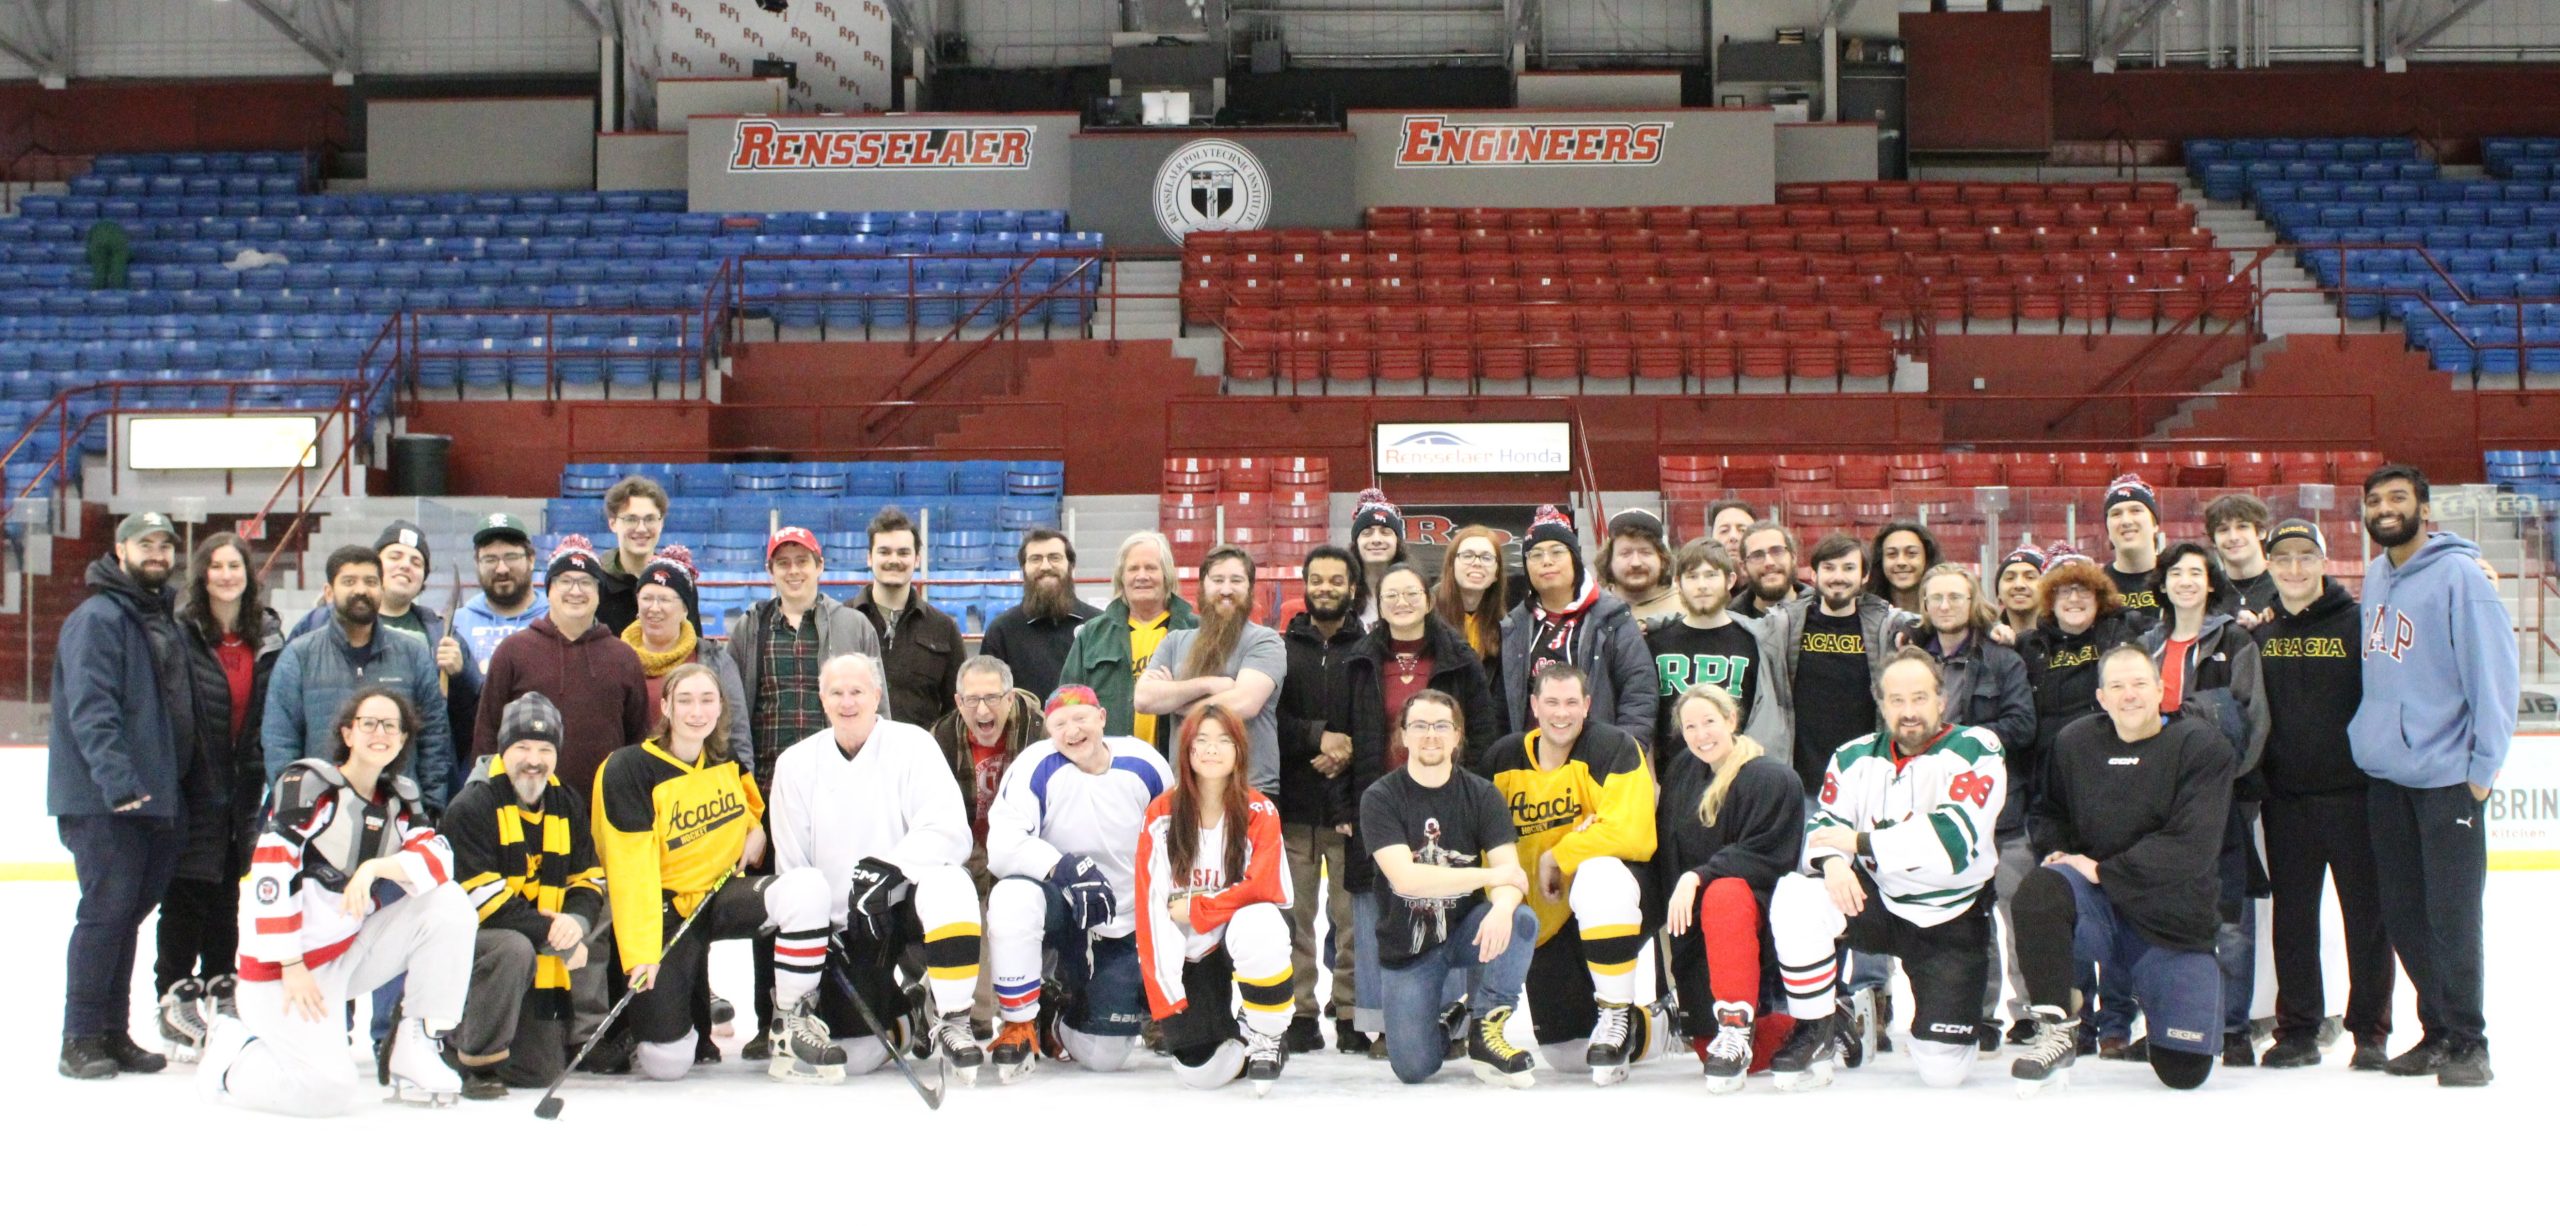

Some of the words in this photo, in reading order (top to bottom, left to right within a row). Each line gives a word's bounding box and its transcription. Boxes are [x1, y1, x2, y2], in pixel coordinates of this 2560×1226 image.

[672, 3, 692, 22] RPI
[720, 3, 740, 22] RPI
[816, 2, 835, 21] RPI
[863, 1, 883, 21] RPI
[695, 28, 715, 48] RPI
[743, 28, 763, 47] RPI
[791, 27, 811, 47] RPI
[840, 26, 859, 46] RPI
[672, 52, 692, 72] RPI
[720, 53, 740, 72] RPI
[816, 52, 836, 71] RPI
[863, 51, 884, 71] RPI
[840, 76, 860, 96] RPI
[731, 121, 1033, 169] RENSSELAER
[1398, 117, 1664, 166] ENGINEERS
[1163, 162, 1186, 224] RENSSELAER
[1182, 148, 1252, 172] POLYTECHNIC
[1245, 172, 1262, 223] INSTITUTE
[1385, 449, 1494, 465] Rensselaer
[1500, 448, 1562, 464] Honda
[1801, 632, 1868, 654] ACACI
[2261, 637, 2347, 658] ACACIA
[1656, 653, 1750, 698] RPI
[1948, 770, 1995, 809] 88
[666, 788, 744, 837] Acacia
[1508, 787, 1578, 823] Acaci
[680, 826, 708, 845] HOCKEY
[1929, 1022, 1975, 1035] CCM

**DIRECTIONS:**
The answer must be an exact reproduction of the records, with every picture left out.

**SOLVED EXERCISE:**
Some of the words in this photo, in reading order (top to bottom, left to right within a row). Each line gives a word's bounding box and its transcription. Boxes are [x1, y1, x2, y2], in pixel coordinates of this 2560×1226 image.

[672, 3, 692, 22] RPI
[720, 3, 740, 22] RPI
[816, 2, 835, 21] RPI
[863, 1, 883, 21] RPI
[695, 28, 715, 48] RPI
[743, 28, 763, 47] RPI
[791, 27, 811, 47] RPI
[840, 26, 859, 46] RPI
[672, 52, 692, 72] RPI
[720, 53, 740, 72] RPI
[816, 52, 836, 71] RPI
[863, 51, 884, 71] RPI
[840, 76, 860, 96] RPI
[731, 121, 1033, 169] RENSSELAER
[1398, 117, 1664, 166] ENGINEERS
[1163, 162, 1186, 224] RENSSELAER
[1182, 148, 1252, 172] POLYTECHNIC
[1245, 172, 1262, 223] INSTITUTE
[1385, 449, 1494, 465] Rensselaer
[1500, 448, 1562, 464] Honda
[1801, 632, 1868, 654] ACACI
[2261, 637, 2347, 658] ACACIA
[1656, 653, 1750, 698] RPI
[1948, 770, 1995, 809] 88
[666, 788, 744, 837] Acacia
[1508, 787, 1578, 823] Acaci
[680, 826, 708, 845] HOCKEY
[1929, 1022, 1975, 1035] CCM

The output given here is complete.